Too much mixing? Parents weigh in.
When Raoul Felder's kids headed off to college, there was little discussion about where they would live. Co-ed dorms were out of the question. Period.
His son, for instance, attended Columbia University and commuted from their New York home.
"The schools have become enablers," Mr. Felder says of current co-ed living conditions. "For the kids, it's heaven. But [co-ed dorms] detract from their ability to concentrate on studies. I think that the old system was fine."
Felder was part of the generation that led the charge to bring coeducation to campuses across the United States. But as parents, many of them admit that today they're seeing a radically different concept of college life than they had imagined: everything from co-ed dorm suites to co-ed bathrooms.
Many parents do see mixed-gender learning as a practical way to provide equal education and expose students to more perspectives. And some emphasize that once students head off to college, parents should trust them enough to make their own choices.
"If you raise them to be independent thinkers and responsible, there shouldn't be concerns," says Marina Davis of Austin, Texas. Her daughter, Marisa, attends Rice University in Houston and lives in a co-ed dorm. "It's not the school's job to monitor them. It's the parent's job to institute the values they need to stay safe. By college, they should have those values."
But Alice Kroll, whose son, Peter, attends Connecticut College, says mixed-gender living compromises privacy. At the very least, she says, men and women should live on separate floors, and co-ed bathrooms go "too far." Not to mention the odd circumstances they can throw visiting parents into.

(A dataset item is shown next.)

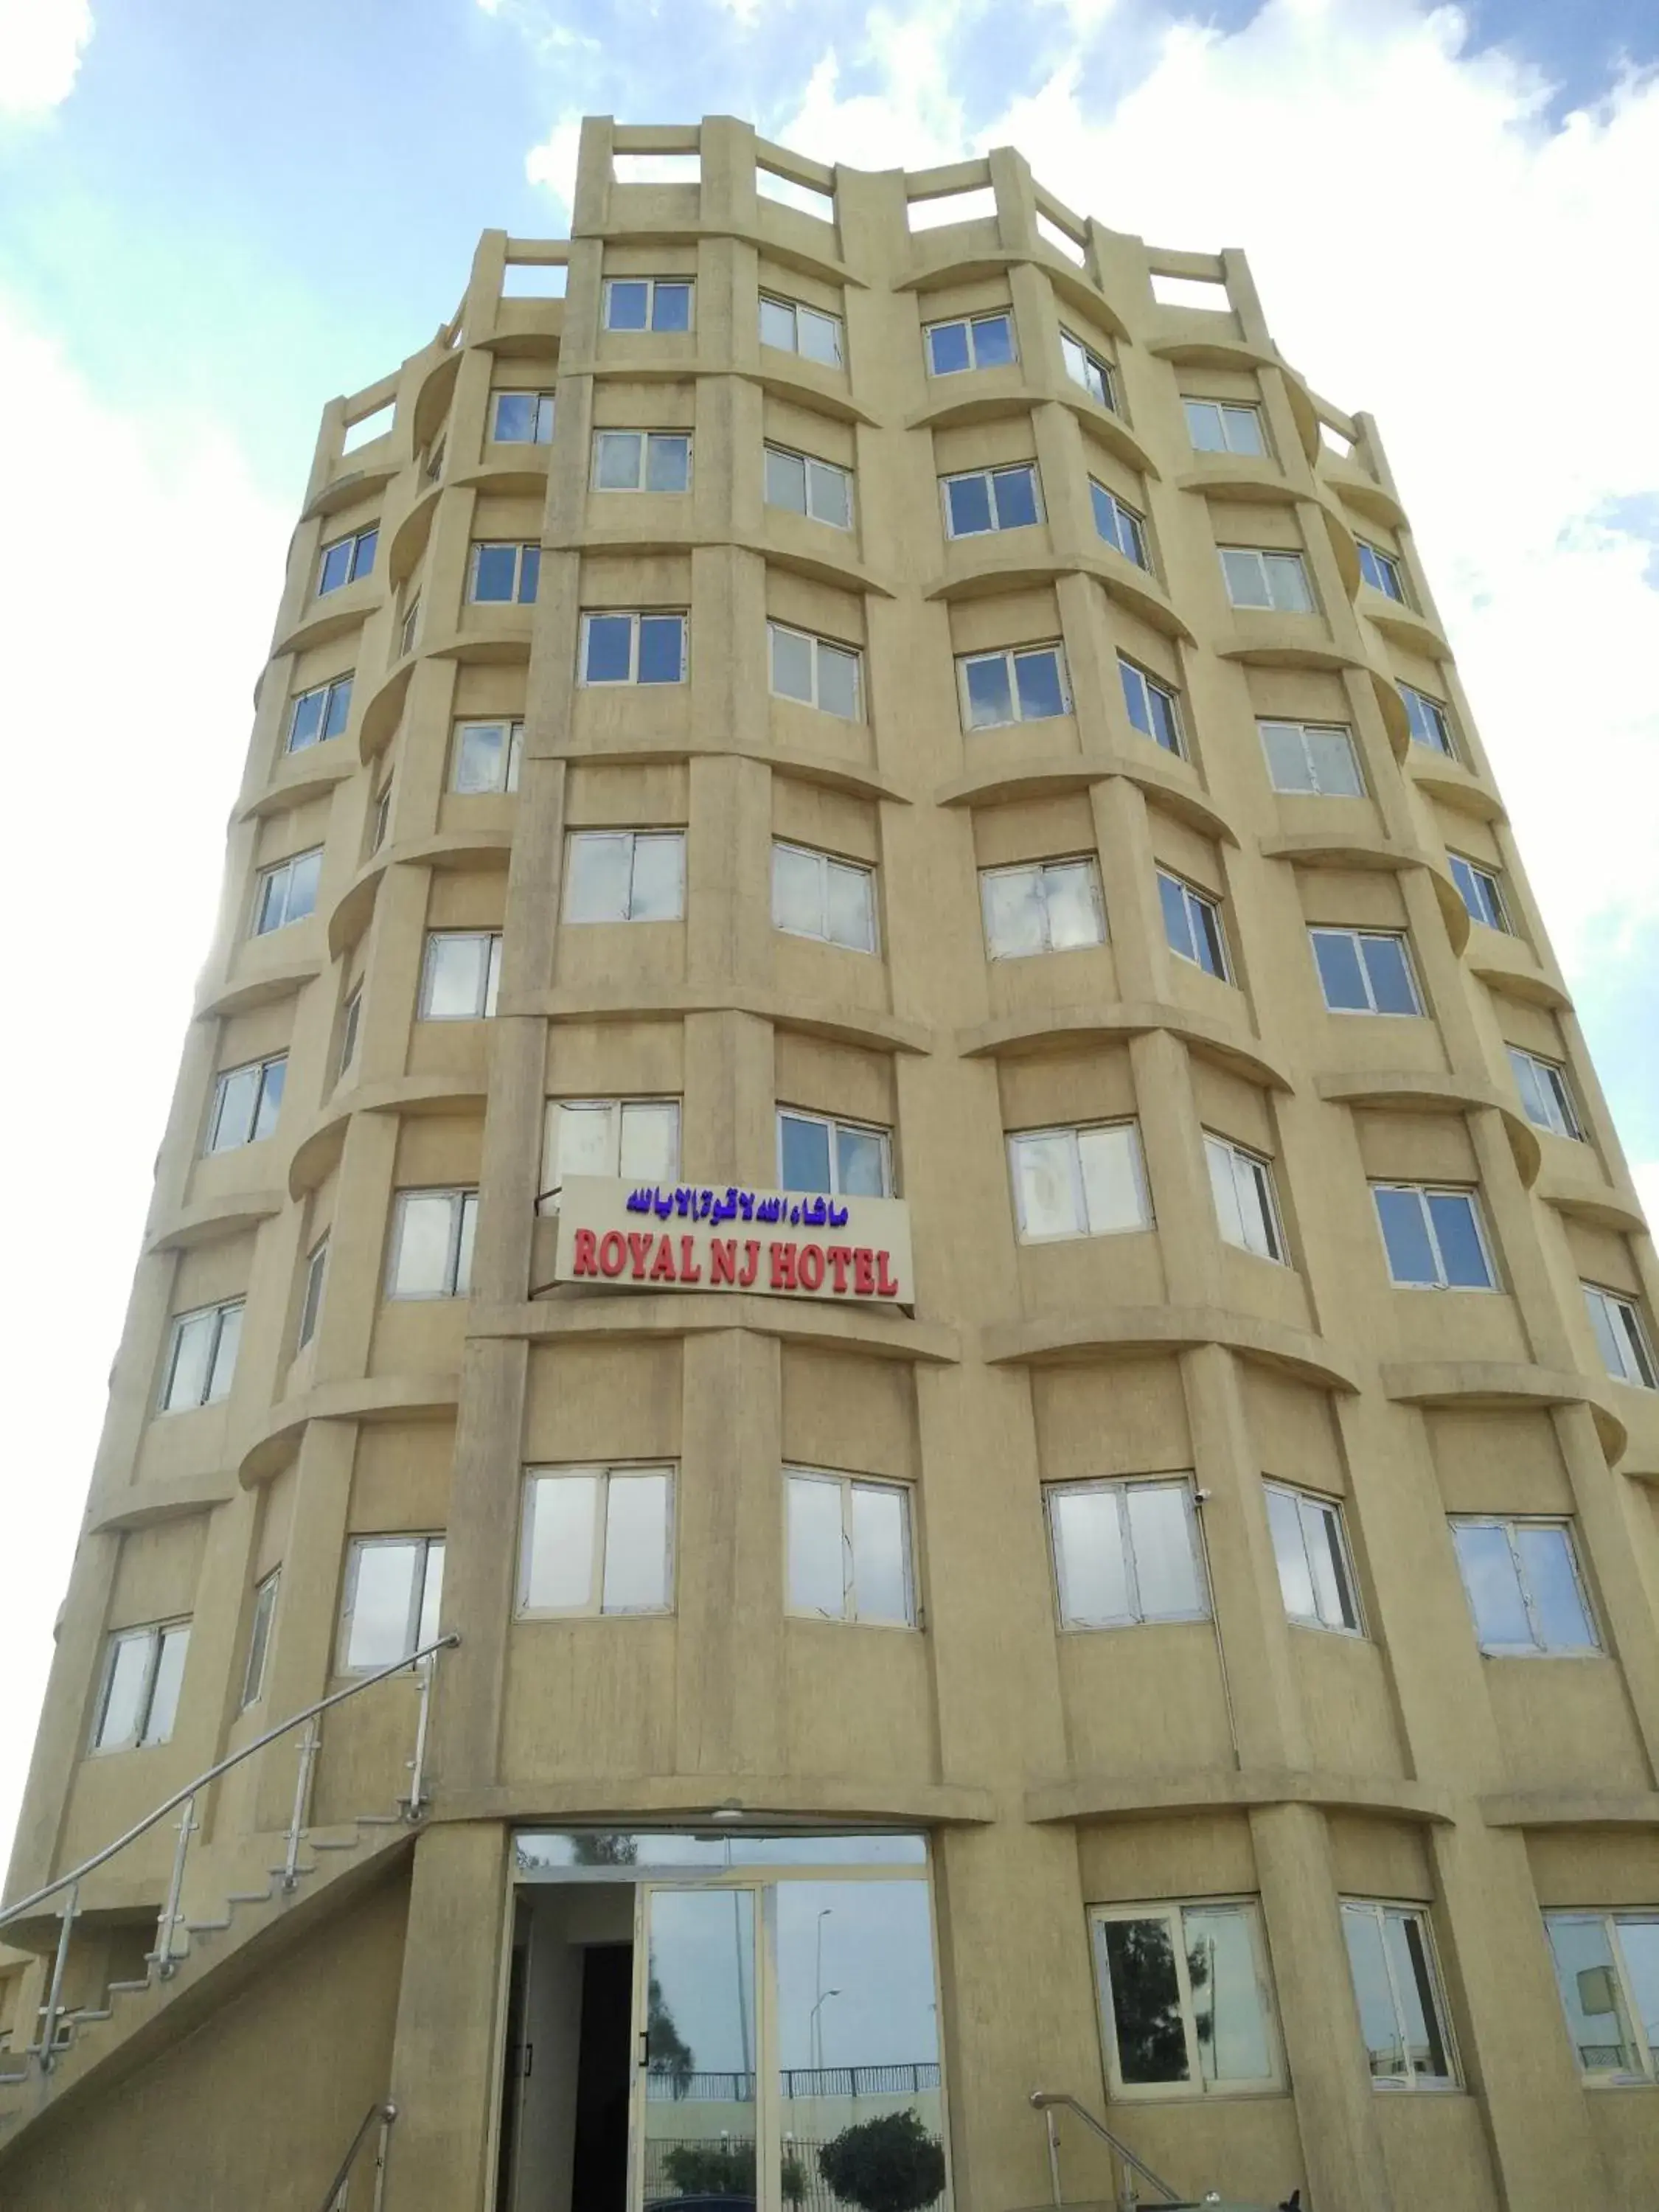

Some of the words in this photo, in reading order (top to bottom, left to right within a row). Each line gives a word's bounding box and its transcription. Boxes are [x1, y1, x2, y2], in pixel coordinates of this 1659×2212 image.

Kroll recalls her embarrassment when she was first introduced to the father of her son's roommate - as she stood next to the bathroom sink. It was "kind of awkward," she says. "What do you say?"
Margaret Diaz of Tampa, Fla., agrees bathrooms are extreme. "Adults staying in a hotel wouldn't want a co-ed shower down the hall," she says. "There are certain aspects of privacy that need to be provided for."
Her daughter attends school in a much more liberal environment than the dorm she lived in at Florida State University in 1969. Then, Diaz recalls, there were 11 p.m. curfews, and men were not allowed in women's rooms.
But Ms. Davis, whose daughter says she often stays up late studying with her male friends at Rice, wouldn't want to return to those days. Co-ed living is "working fine," she says. "If parents want their students to be monitored every moment, send them to a strict private school."